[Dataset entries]
·····
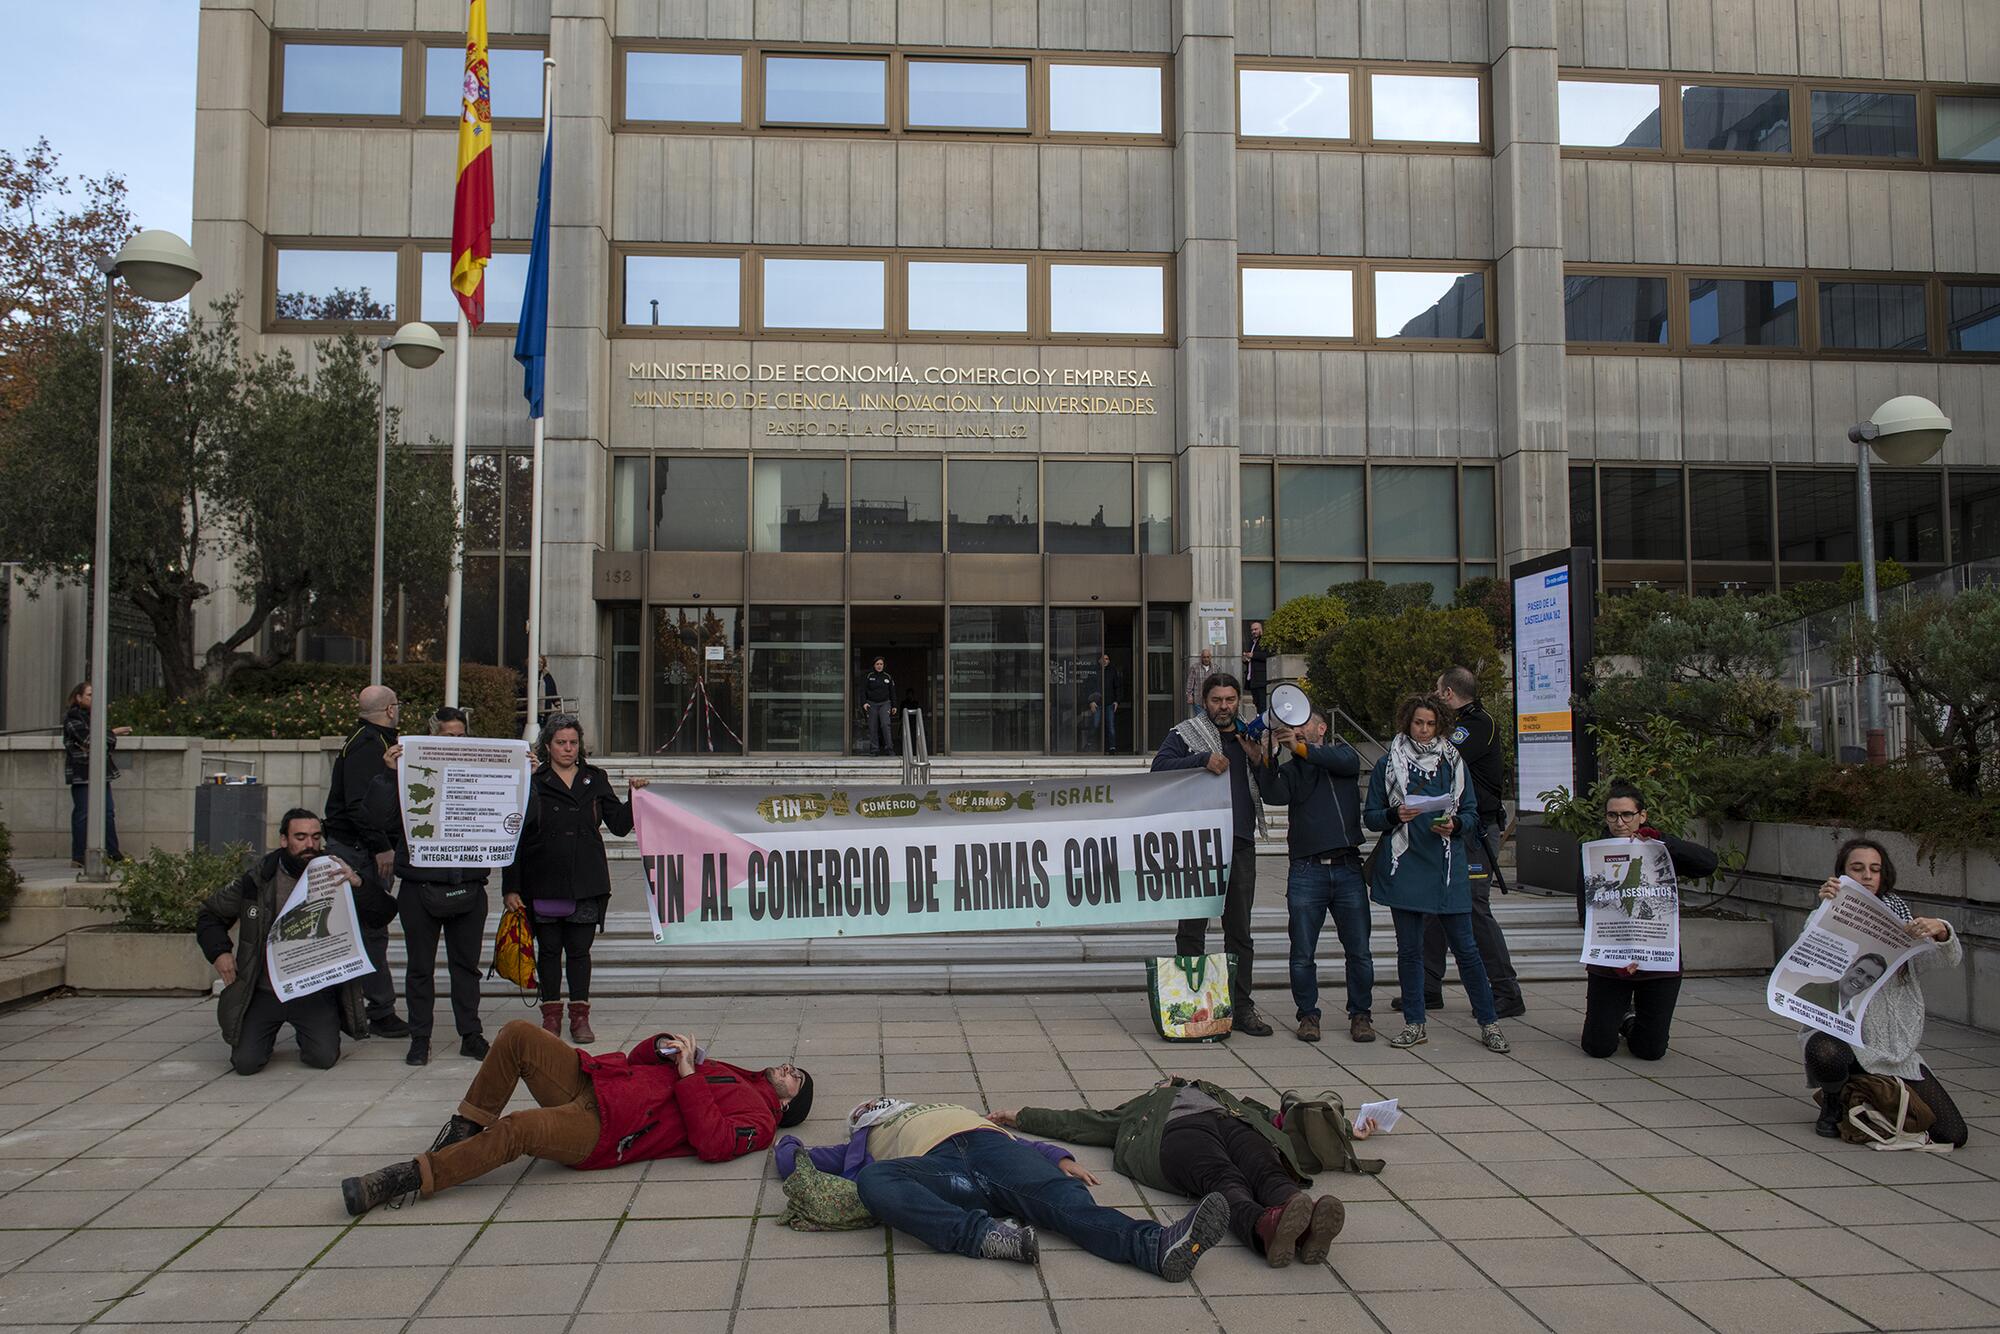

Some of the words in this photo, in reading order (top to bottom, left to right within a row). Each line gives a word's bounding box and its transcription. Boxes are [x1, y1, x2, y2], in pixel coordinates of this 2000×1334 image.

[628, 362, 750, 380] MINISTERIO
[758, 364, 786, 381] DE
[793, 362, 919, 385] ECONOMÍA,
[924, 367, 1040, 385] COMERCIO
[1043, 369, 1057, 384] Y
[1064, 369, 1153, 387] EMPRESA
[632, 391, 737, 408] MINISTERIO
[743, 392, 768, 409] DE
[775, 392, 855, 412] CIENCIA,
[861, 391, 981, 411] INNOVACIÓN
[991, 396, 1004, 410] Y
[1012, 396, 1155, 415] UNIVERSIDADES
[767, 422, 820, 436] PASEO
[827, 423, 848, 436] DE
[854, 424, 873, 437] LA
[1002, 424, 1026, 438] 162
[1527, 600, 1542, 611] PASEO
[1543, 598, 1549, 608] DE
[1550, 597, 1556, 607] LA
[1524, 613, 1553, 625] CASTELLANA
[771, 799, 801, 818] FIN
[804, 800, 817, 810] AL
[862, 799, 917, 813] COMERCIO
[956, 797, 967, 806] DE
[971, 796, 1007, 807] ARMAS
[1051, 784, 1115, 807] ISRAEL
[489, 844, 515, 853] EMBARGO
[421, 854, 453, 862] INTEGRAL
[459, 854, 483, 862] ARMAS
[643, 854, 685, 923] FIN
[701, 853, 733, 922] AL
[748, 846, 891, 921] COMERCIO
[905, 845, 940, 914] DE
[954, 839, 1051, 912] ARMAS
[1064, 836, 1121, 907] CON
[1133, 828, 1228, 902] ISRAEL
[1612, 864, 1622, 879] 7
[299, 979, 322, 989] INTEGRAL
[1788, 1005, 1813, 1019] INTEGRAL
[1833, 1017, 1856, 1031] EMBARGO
·····
● **Prompt**
The data must be printed exactly, image-free.

● **Answer**
Some of the words in this photo, in reading order (top to bottom, left to right within a row). Each line gives a word's bounding box and its transcription. Boxes are [x1, y1, x2, y2], in pixel coordinates of this 2000×1334 image.

[628, 362, 750, 380] MINISTERIO
[758, 364, 786, 381] DE
[793, 362, 919, 385] ECONOMÍA,
[924, 367, 1040, 385] COMERCIO
[1043, 369, 1057, 384] Y
[1064, 369, 1153, 387] EMPRESA
[632, 391, 737, 408] MINISTERIO
[743, 392, 768, 409] DE
[775, 392, 855, 412] CIENCIA,
[861, 391, 981, 411] INNOVACIÓN
[991, 396, 1004, 410] Y
[1012, 396, 1155, 415] UNIVERSIDADES
[767, 422, 820, 436] PASEO
[827, 423, 848, 436] DE
[854, 424, 873, 437] LA
[1002, 424, 1026, 438] 162
[1527, 600, 1542, 611] PASEO
[1543, 598, 1549, 608] DE
[1550, 597, 1556, 607] LA
[1524, 613, 1553, 625] CASTELLANA
[771, 799, 801, 818] FIN
[804, 800, 817, 810] AL
[862, 799, 917, 813] COMERCIO
[956, 797, 967, 806] DE
[971, 796, 1007, 807] ARMAS
[1051, 784, 1115, 807] ISRAEL
[489, 844, 515, 853] EMBARGO
[421, 854, 453, 862] INTEGRAL
[459, 854, 483, 862] ARMAS
[643, 854, 685, 923] FIN
[701, 853, 733, 922] AL
[748, 846, 891, 921] COMERCIO
[905, 845, 940, 914] DE
[954, 839, 1051, 912] ARMAS
[1064, 836, 1121, 907] CON
[1133, 828, 1228, 902] ISRAEL
[1612, 864, 1622, 879] 7
[299, 979, 322, 989] INTEGRAL
[1788, 1005, 1813, 1019] INTEGRAL
[1833, 1017, 1856, 1031] EMBARGO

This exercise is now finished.